Sono attese 150 persone da tutta Italia (con una massiccia presenza della Lombardia ma anche da Toscana, Liguria, Calabria, Campania, Abruzzo, Umbria e Lazio) per un appuntamento multidisciplinare, che parte dallo sport e passando per la giurisprudenza arriva fino alla difesa legittima con l’obiettivo di combattere in particolare la violenza di genere. Argomento di stretta attualità se si pensa agli ultimi casi di violenza sulle donne ma anche a quanto hanno rivelato ai microfoni di Radio Duomo Senigallia le volontarie dell’associazione “Dalla parte delle donne”: anche nel senigalliese sono diversi i casi di sopraffazione e anche violenza di genere, domestica, economica, psicologica, verbale e fisica che si verificano in contesti non per forza degradati o marginali.

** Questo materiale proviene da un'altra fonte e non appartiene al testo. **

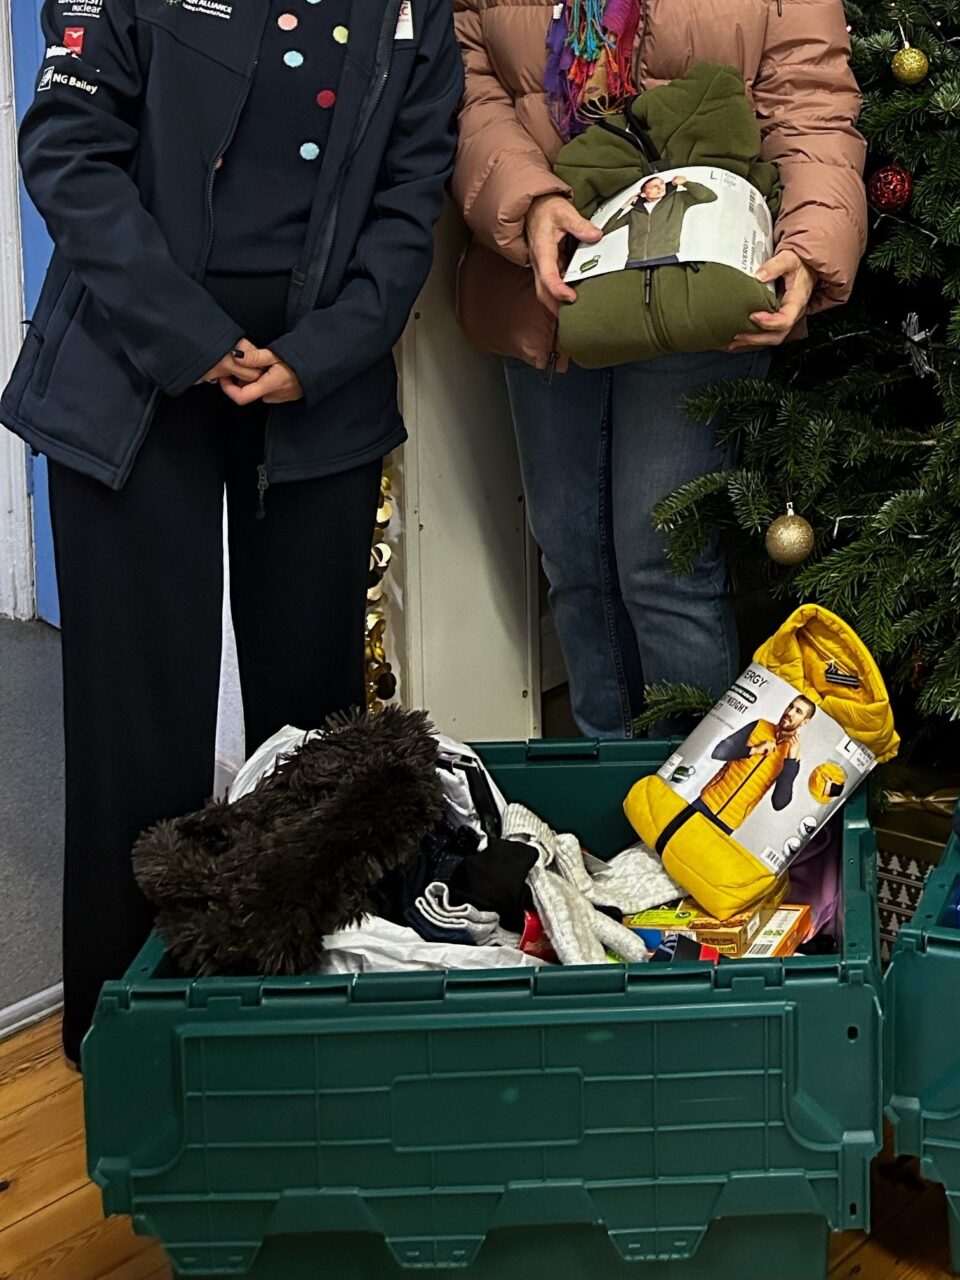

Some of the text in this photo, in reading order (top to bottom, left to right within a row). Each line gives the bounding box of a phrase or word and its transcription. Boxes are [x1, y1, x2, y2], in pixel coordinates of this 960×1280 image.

[72, 4, 102, 14] nuclear
[198, 0, 233, 14] ALLIANCE
[53, 73, 98, 95] NG Bailey
[710, 170, 718, 180] L
[844, 739, 852, 753] L
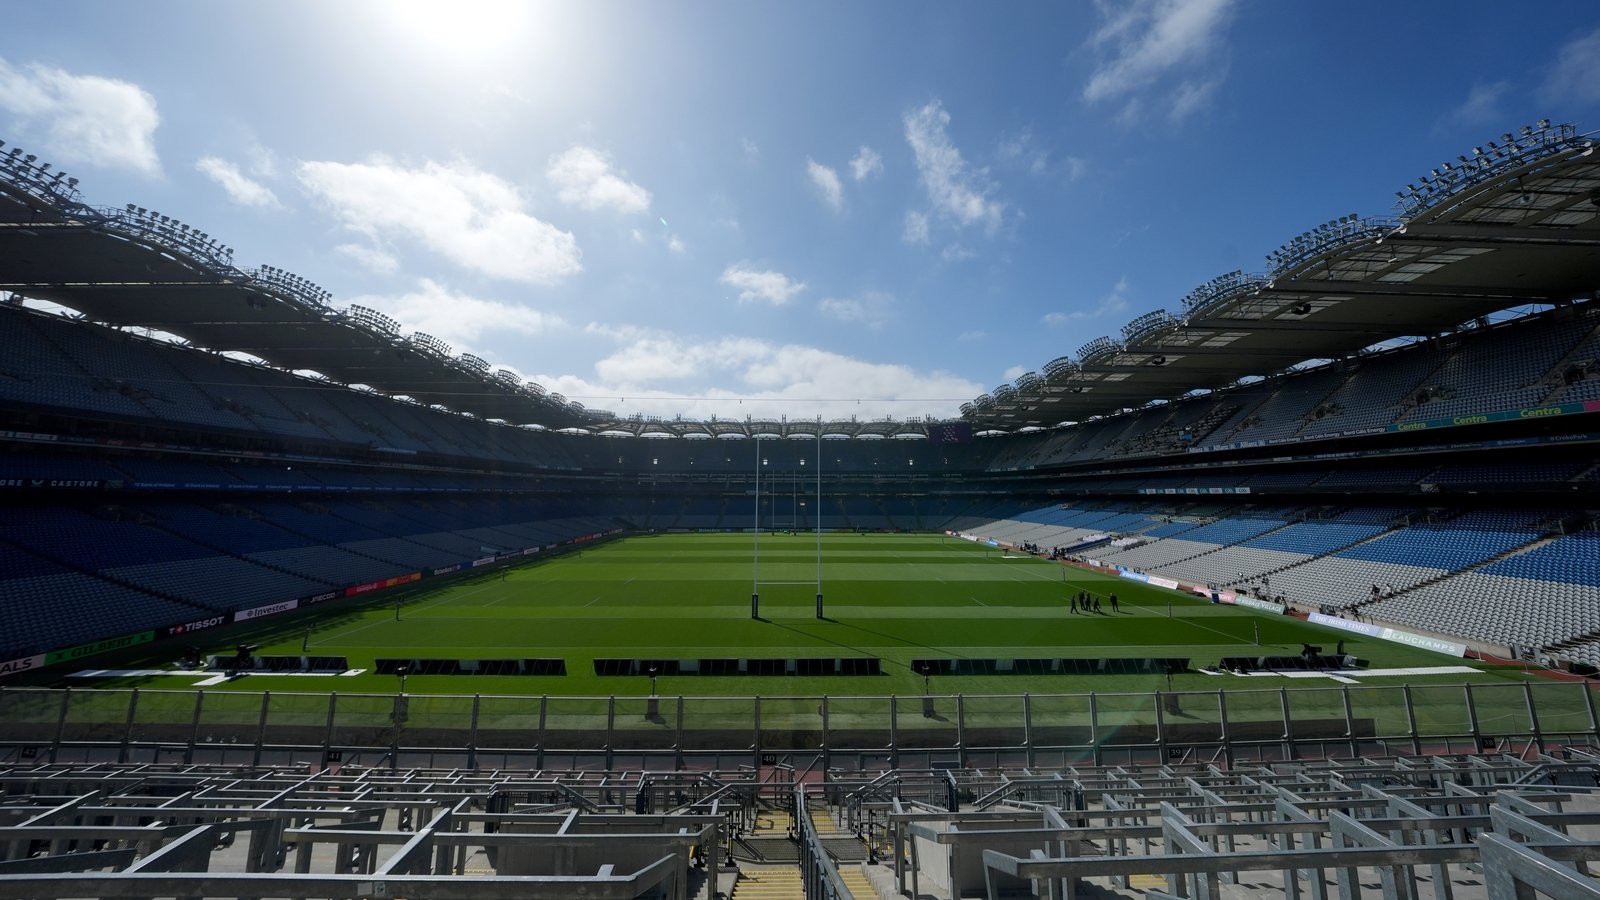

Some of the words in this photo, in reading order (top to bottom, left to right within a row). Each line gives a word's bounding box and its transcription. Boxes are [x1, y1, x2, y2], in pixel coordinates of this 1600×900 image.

[1520, 407, 1562, 417] Centra
[1453, 415, 1488, 425] Centra
[1367, 426, 1386, 435] Energy
[1398, 422, 1426, 431] Centra
[50, 480, 100, 488] CASTORE
[254, 603, 289, 617] Investec
[185, 615, 225, 632] TISSOT
[1315, 615, 1327, 623] THE
[1328, 618, 1347, 628] IRISH
[1347, 622, 1370, 632] TIMES
[1383, 627, 1456, 653] BEAUCHAMPS
[71, 636, 134, 658] GILBERT
[0, 658, 32, 674] ALS
[1171, 748, 1182, 757] 39
[763, 754, 776, 763] 40
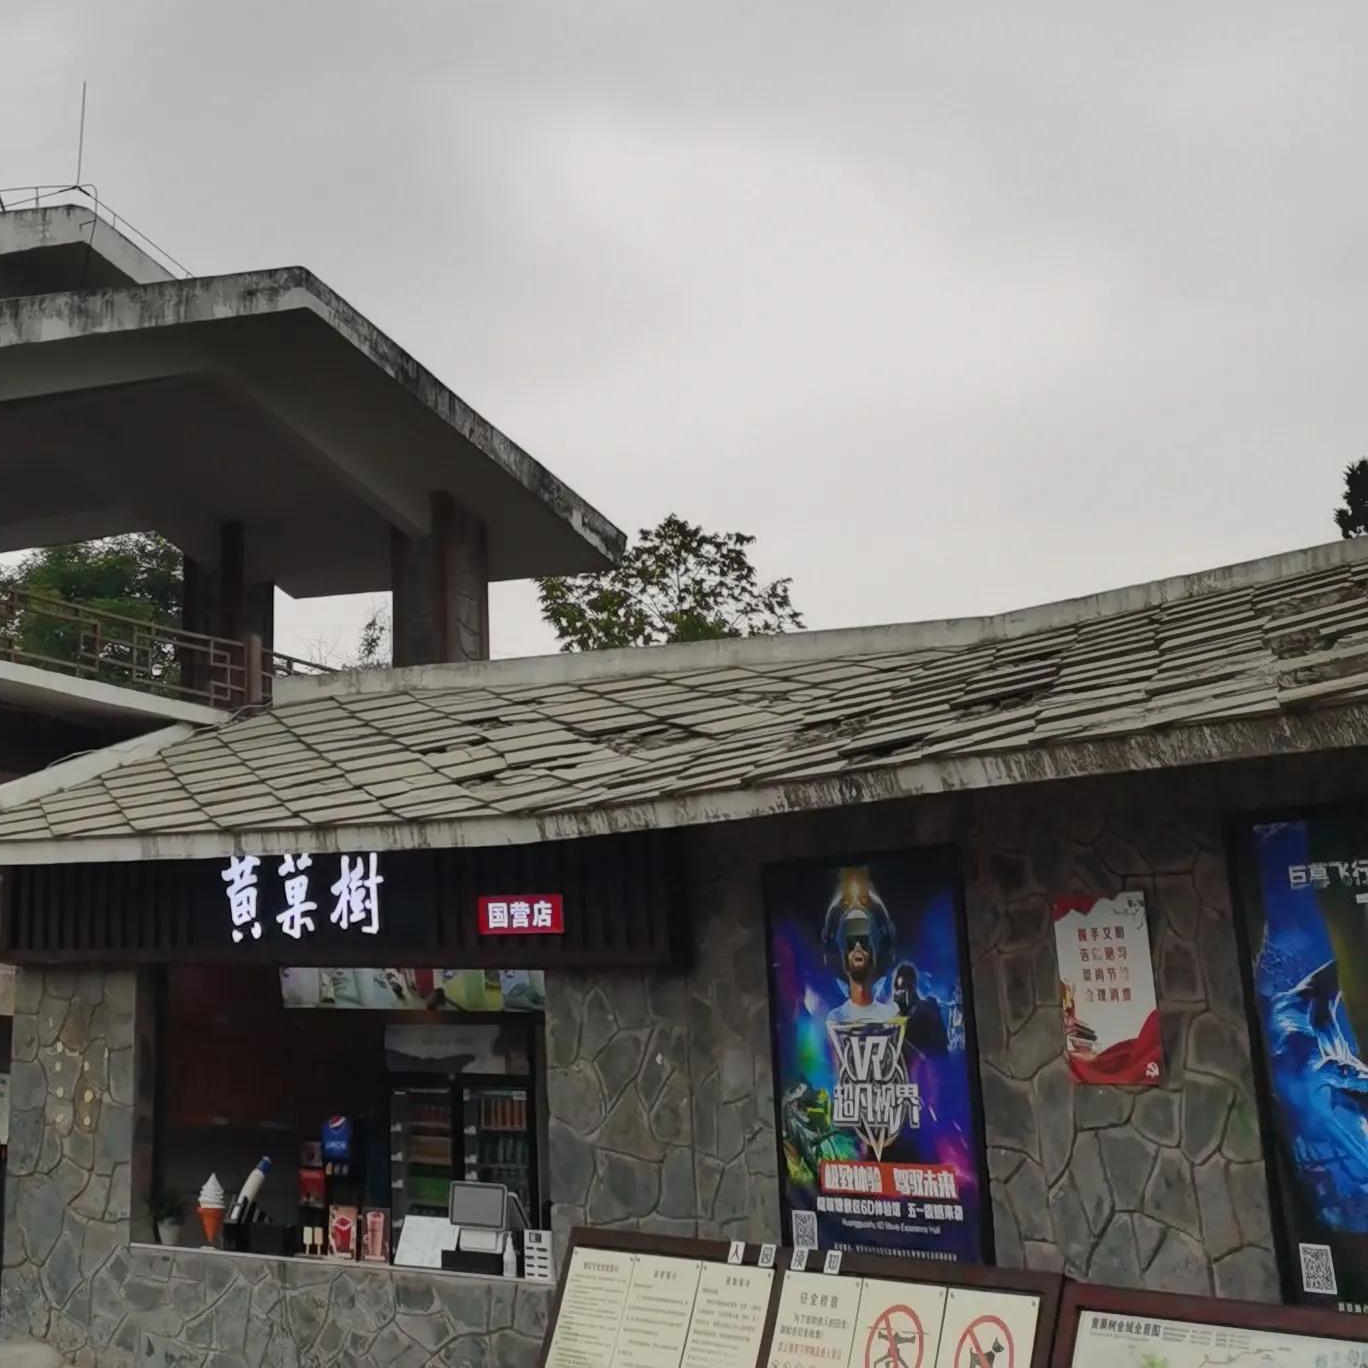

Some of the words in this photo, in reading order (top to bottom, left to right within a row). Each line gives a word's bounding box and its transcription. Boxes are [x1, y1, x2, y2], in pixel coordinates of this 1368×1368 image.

[486, 900, 553, 929] 国营店
[848, 1035, 889, 1081] VR
[833, 1083, 922, 1136] 超凡视界
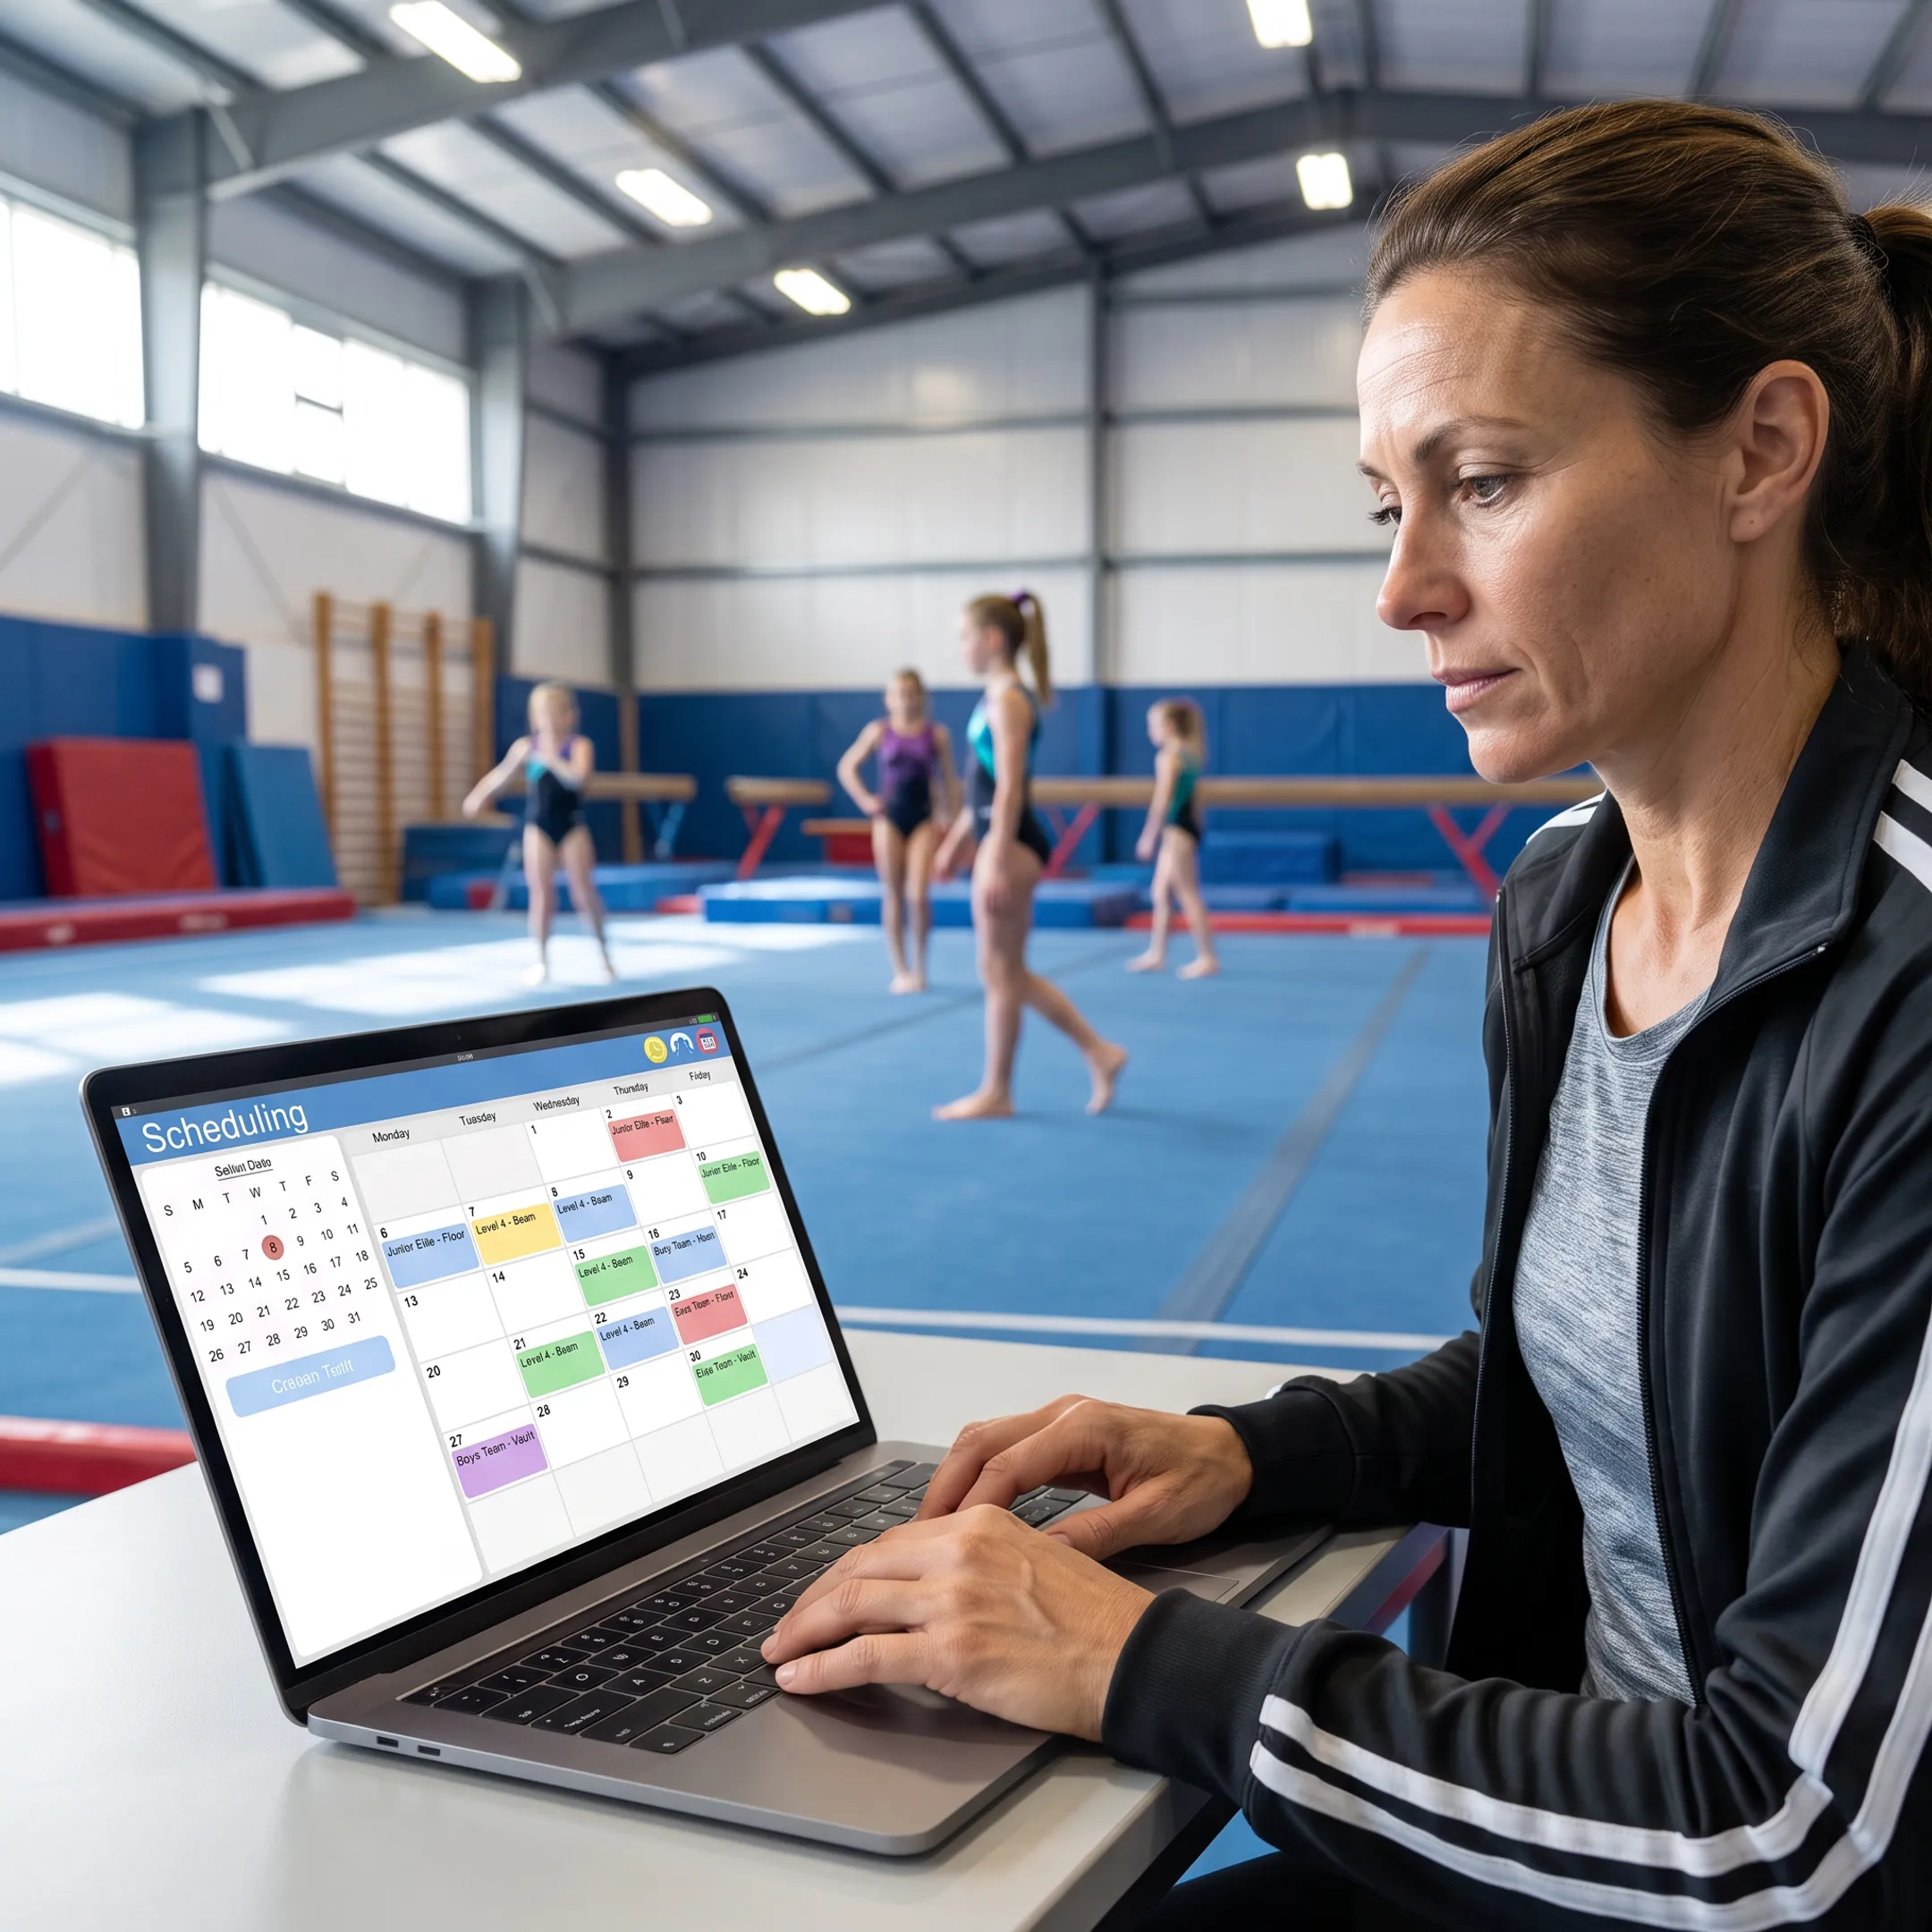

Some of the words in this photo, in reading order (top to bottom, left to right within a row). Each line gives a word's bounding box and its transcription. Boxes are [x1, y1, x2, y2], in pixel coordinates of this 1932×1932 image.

Lo sportello dell’associazione “Dalla parte delle donne”
Oltre 40 donne, vittime di violenza, sono state seguite dall’associazione “Dalla parte delle donne” nel solo 2023. Un numero in lieve crescita rispetto al 2022, che ci racconta come la violenza di genere sia un fenomeno di cui il territorio senigalliese e vallivo non può dirsi esente. Per fare una panoramica delle situazioni e dei percorsi attivati abbiamo intervistato una volontaria, Paola Curzi. L’audio è disponibile cliccando il tasto play del lettore multimediale ma l’intervista è anche in onda oggi, mercoledì 15 maggio, e domani, giovedì 16, su Radio Duomo Senigallia In Blu (95.2 FM) alle 13:10 e alle 20, con replica anche domenica 19 a partire dalle 17 circa. Chi vuole, può proseguire invece con la lettura dell’articolo.
Cos’è “Dalla parte delle donne,” quando nasce e perché? Nasce 22 anni fa grazie alla forza e disponibilità di un piccolo gruppo di donne che operavano già nell’ambito psicologico e legale. La presidente è ancora l’avvocata Sabina Sartini. Nasce come sportello di ascolto per le donne vittime di violenza. Nel tempo l’associazione si è allargata e ogni volta che c’è un femminicidio c’è una reazione, come nel caso di Giulia Cecchettin. Alcune di noi si sono iscritte dopo quel caso.
Dove siete operative e quando? Tutti i giorni è aperto lo sportello di piazza Garibaldi, ma tra poco ci sposteremo, anche se ancora non si sa dove andremo. Dev’essere un luogo protetto, in cui potersi recare sentendosi accolta senza pregiudizi; non è semplice trovare un luogo adatto, anche per garantire l’anonimato della donna che si rivolge allo sportello. Ci sono attività gratuite di tipo legale e psicologico, con delle professioniste che indirizzano verso un percorso di accompagnamento della donna che intende denunciare una certa situazione. Siamo in rete con le forze dell’ordine, il pronto soccorso, i servizi sociali.
Che problematiche riscontrate? Una prima difficoltà è legata all’assenza di un protocollo d’intesa tra i vari soggetti coinvolti, per sapere bene cosa fare, quando, qual è il proprio ruolo. Qui manca, mentre in realtà anche vicine, penso al pesarese, è stato adottato. Si è lasciato alla sola disponibilità dei volontari ma c’è necessità di strutturare questo percorso. E poi c’è la questione che è la donna che deve affrontare tutta una serie di passaggi, spesso sola e senza un bacino di protezione. Se è il pronto soccorso che rileva una situazione di abuso, allora scatta l’allerta alle forze dell’ordine e un percorso di protezione con avviso ai servizi sociali ma sono percorsi spesso lunghi e molto delicati.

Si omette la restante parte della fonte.